According to report, “Jobs proved us wrong not just on technical matters, but on profound aspects of both technology and business by:
- Building a global retail chain
- Requiring customers to pay for content
- Demanding high-margins for hardware
- Choosing margin share over market share
- Emphasizing design over commoditization
- Building a touchscreen-only line of computers
- Banishing pornography
All of these were business decisions that went against the accepted order.
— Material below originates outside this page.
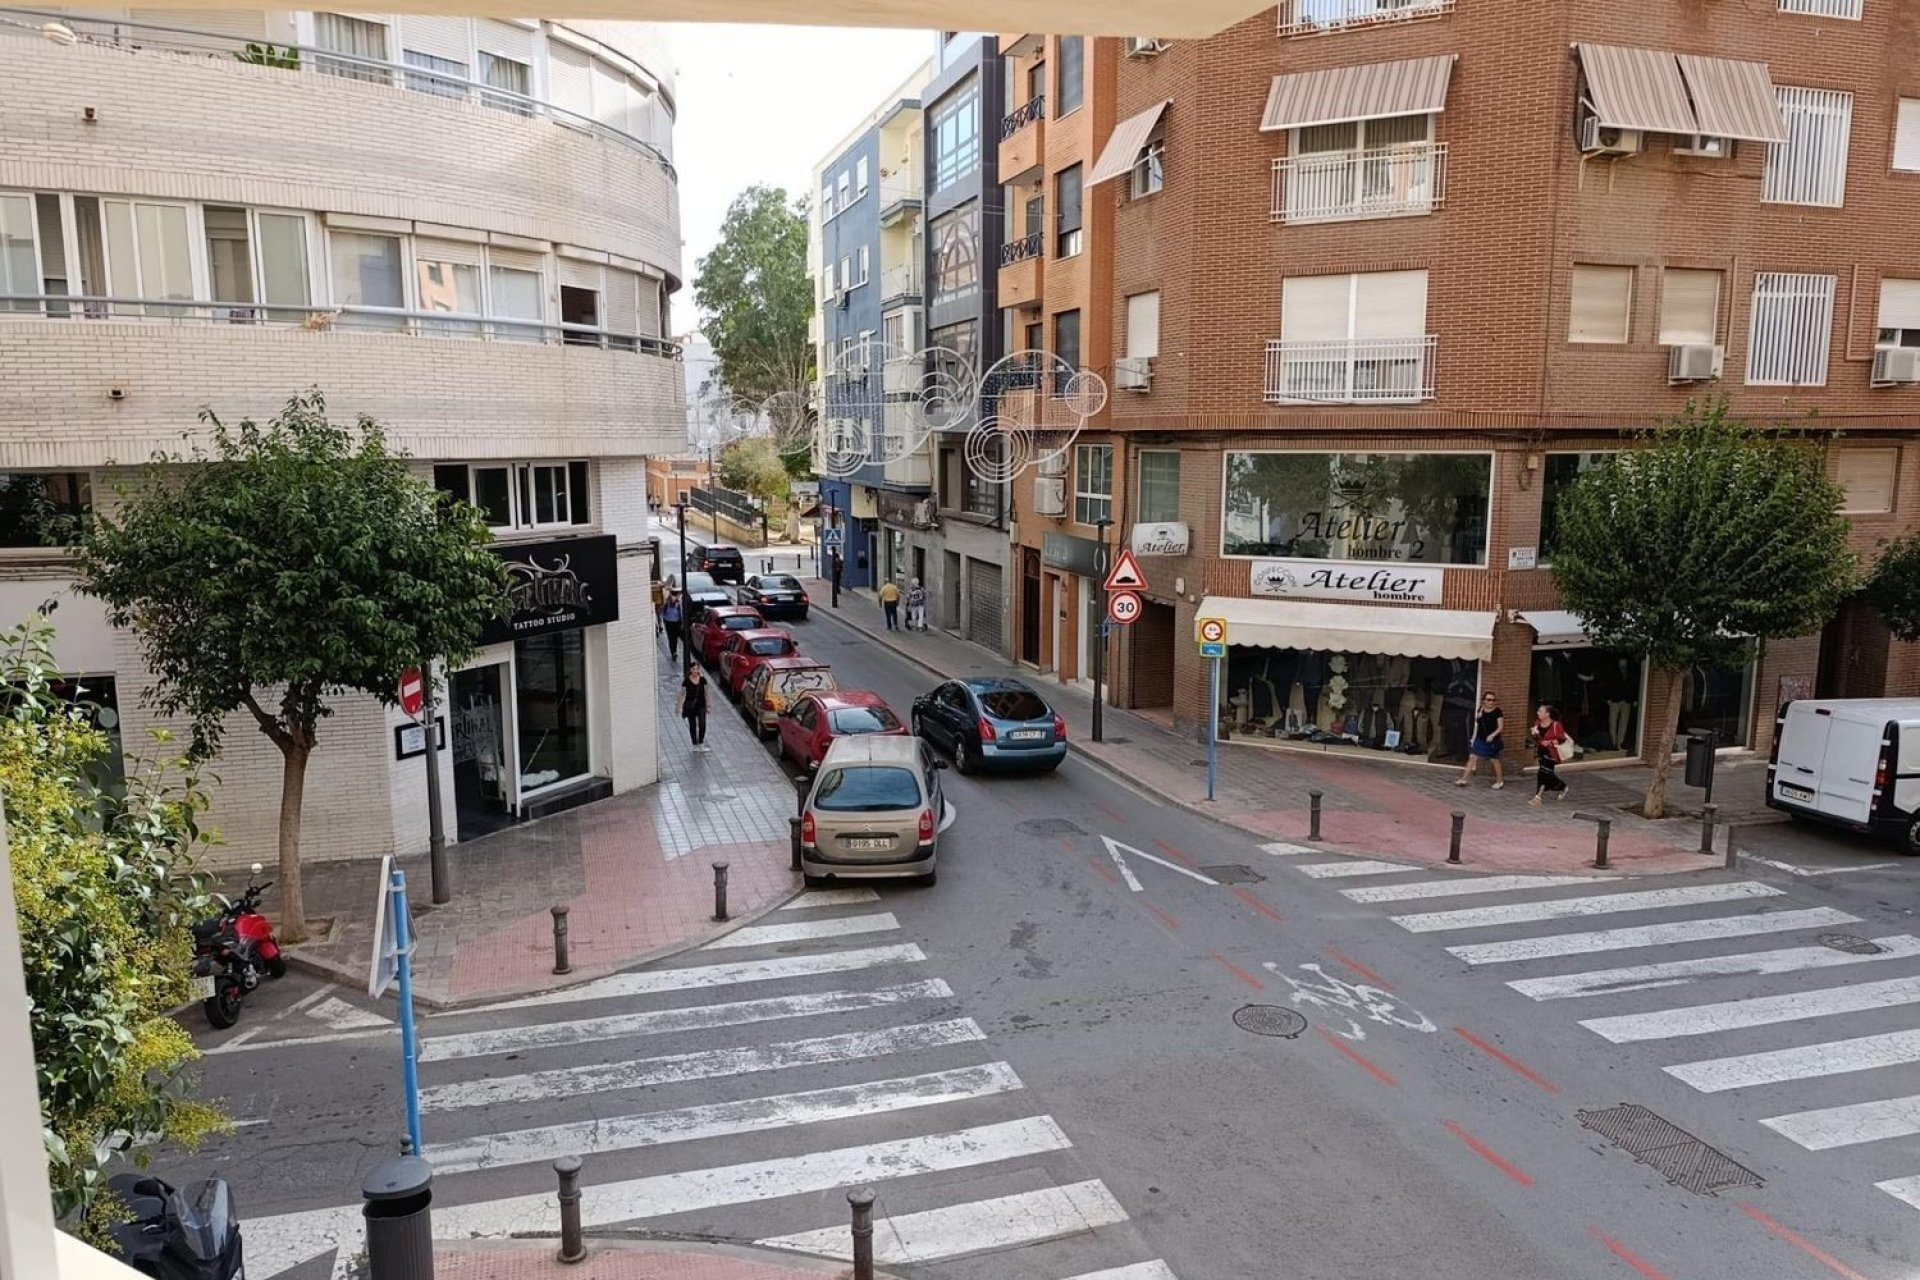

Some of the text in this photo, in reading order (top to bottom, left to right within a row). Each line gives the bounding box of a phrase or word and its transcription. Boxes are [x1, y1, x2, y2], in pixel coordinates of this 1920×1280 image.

All were correct.
In this same way, Jobs taught us — for we did not initially believe — that:
- The big money resides at the top of the pyramid
- Walled gardens and well-controlled APIs are the future of the web
- Existing standards and popular features are of almost no consequence
- There is more money in consumer computing than the enterprise
- Set prices, clearly stated, benefit buyer and seller
- The web — websites, web pages, web standards — is less important than apps
- More users, more developers, more content providers directly benefit from a closed ecosystem than an open one
“And here we are today, following decades of Jobs wandering the wilderness, steadfastly implementing the many and varied pieces of his mad grand vision,” Brian S. Hall said.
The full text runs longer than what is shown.